Synbiotic Alters Fecal Microbiomes, but not Liver Fat or Fibrosis, in a Randomized Trial of Patients With Non-alcoholic Fatty Liver Disease.
- 2020-05
- Gastroenterology 158(6)
- E. Scorletti
- P. Afolabi
- E. Miles
- Debbie E. Smith
- Amal Almehmadi
- Albandri Alshathry
- C. Childs
- S. Del Fabbro
- Josh Bilson
- H. Moyses
- G. Clough
- Jaswinder K. Sethi
- J. Patel
- M. Wright
- D. Breen
- C. Peebles
- A. Darekar
- R. Aspinall
- A. Fowell
- J. Dowman
- V. Nobili
- G. Targher
- N. Delzenne
- L. Bindels
- P. Calder
- C. Byrne
- PubMed: 31987796
- DOI: 10.1053/j.gastro.2020.01.031
Abstract
Background & aims: Dysbiosis of the intestinal microbiota has been associated with nonalcoholic fatty liver disease (NAFLD). We investigated whether administration of a synbiotic combination of probiotic and prebiotic agents affected liver fat content, biomarkers of liver fibrosis, and the composition of the fecal microbiome in patients with NAFLD.
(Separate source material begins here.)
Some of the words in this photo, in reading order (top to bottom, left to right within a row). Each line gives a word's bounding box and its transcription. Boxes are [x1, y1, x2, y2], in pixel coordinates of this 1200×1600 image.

Methods: We performed a double-blind phase 2 trial of 104 patients with NAFLD in the United Kingdom. Participants (mean age, 50.8 ± 12.6 years; 65% men; 37% with diabetes) were randomly assigned to groups given the synbiotic agents (fructo-oligosaccharides, 4 g twice per day, plus Bifidobacterium animalis subspecies lactis BB-12; n = 55) or placebo (n = 49) for 10-14 months. Liver fat content was measured at the start and end of the study by magnetic resonance spectroscopy, and liver fibrosis was determined from a validated biomarker scoring system and vibration-controlled transient elastography. Fecal samples were collected at the start and end of the study, the fecal microbiome were analyzed by 16S ribosomal DNA sequencing.
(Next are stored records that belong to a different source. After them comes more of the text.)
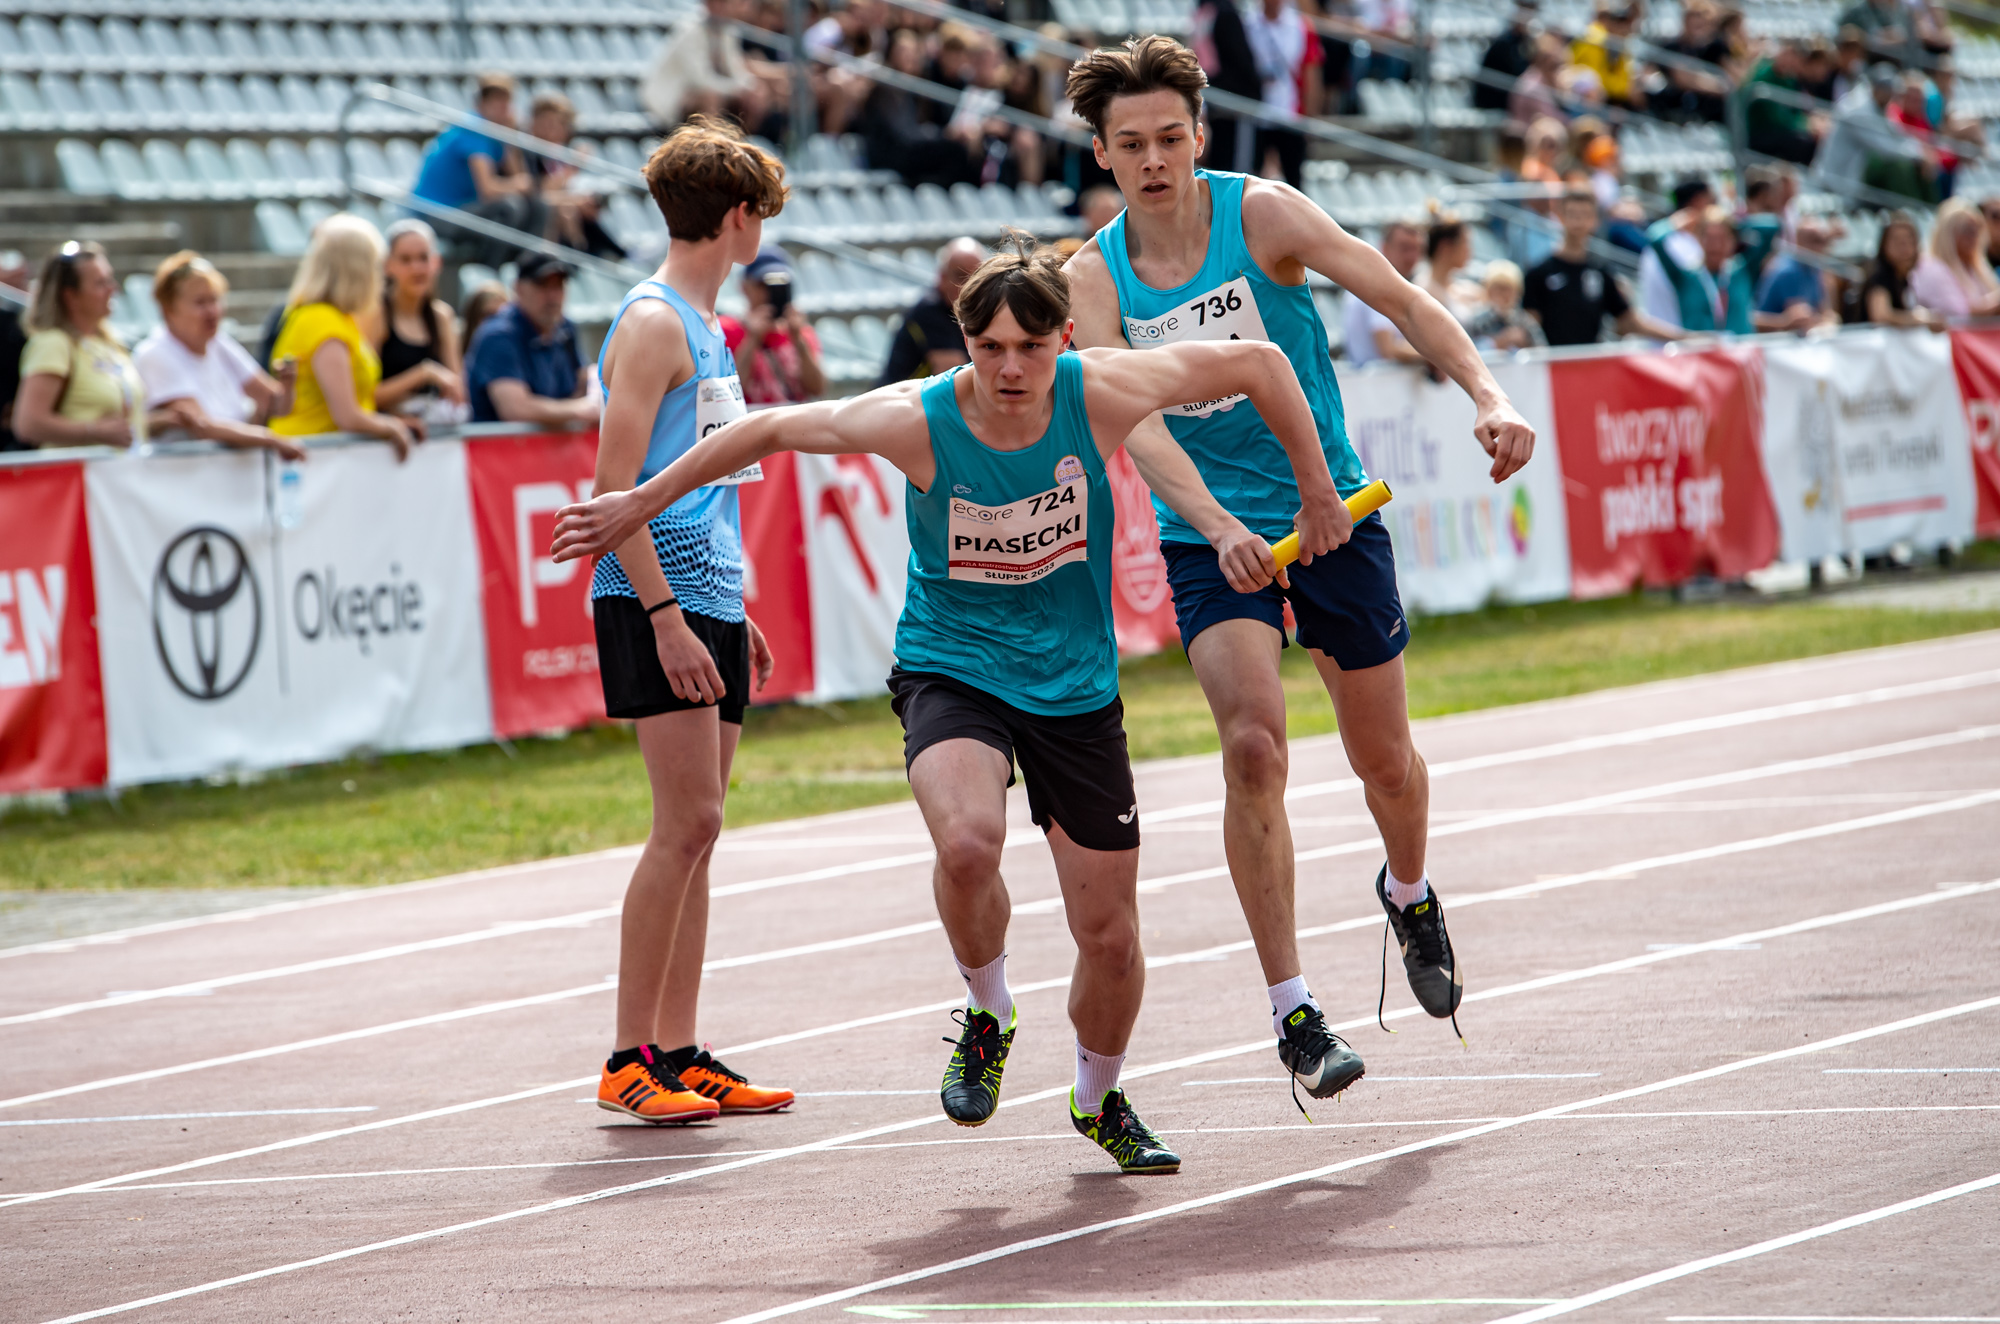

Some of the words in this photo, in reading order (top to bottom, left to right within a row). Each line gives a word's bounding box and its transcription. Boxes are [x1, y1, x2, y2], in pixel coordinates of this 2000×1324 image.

[1190, 287, 1243, 327] 736
[1129, 317, 1179, 339] ecore
[953, 502, 1014, 521] ecore
[1028, 485, 1077, 517] 724
[954, 514, 1081, 554] PIASECKI
[978, 562, 1019, 570] Mistrzostwa
[1020, 561, 1039, 571] Polski
[984, 571, 1029, 581] SŁUPSK
[1030, 561, 1055, 579] 2023
[292, 562, 424, 658] Okęcie
Results: Mean baseline and end-of-study magnetic resonance spectroscopy liver fat percentage values were 32.3% ± 24.8% and 28.5% ± 20.1% in the synbiotic group and 31.3% ± 22% and 25.2% ± 17.2% in the placebo group. In the unadjusted intention-to-treat analysis, we found no significant difference in liver fat reduction between groups (β = 2.8; 95% confidence interval, -2.2 to 7.8; P = .30). In a fully adjusted regression model (adjusted for baseline measurement of the outcome plus age, sex, weight difference, and baseline weight), only weight loss was associated with a significant decrease in liver fat (β = 2; 95% confidence interval, 1.5-2.6; P = .03). Fecal samples from patients who received the synbiotic had higher proportions of Bifidobacterium and Faecalibacterium species, and reductions in Oscillibacter and Alistipes species, compared with baseline; these changes were not observed in the placebo group. Changes in the composition of fecal microbiota were not associated with liver fat or markers of fibrosis.
Conclusions: In a randomized trial of patients with NAFLD, 1 year of administration of a synbiotic combination (probiotic and prebiotic) altered the fecal microbiome but did not reduce liver fat content or markers of liver fibrosis. (ClinicalTrials.gov, Number: NCT01680640).
Keywords: Cardiovascular Disease; INSYTE Study; Nutrition; Type 2 Diabetes.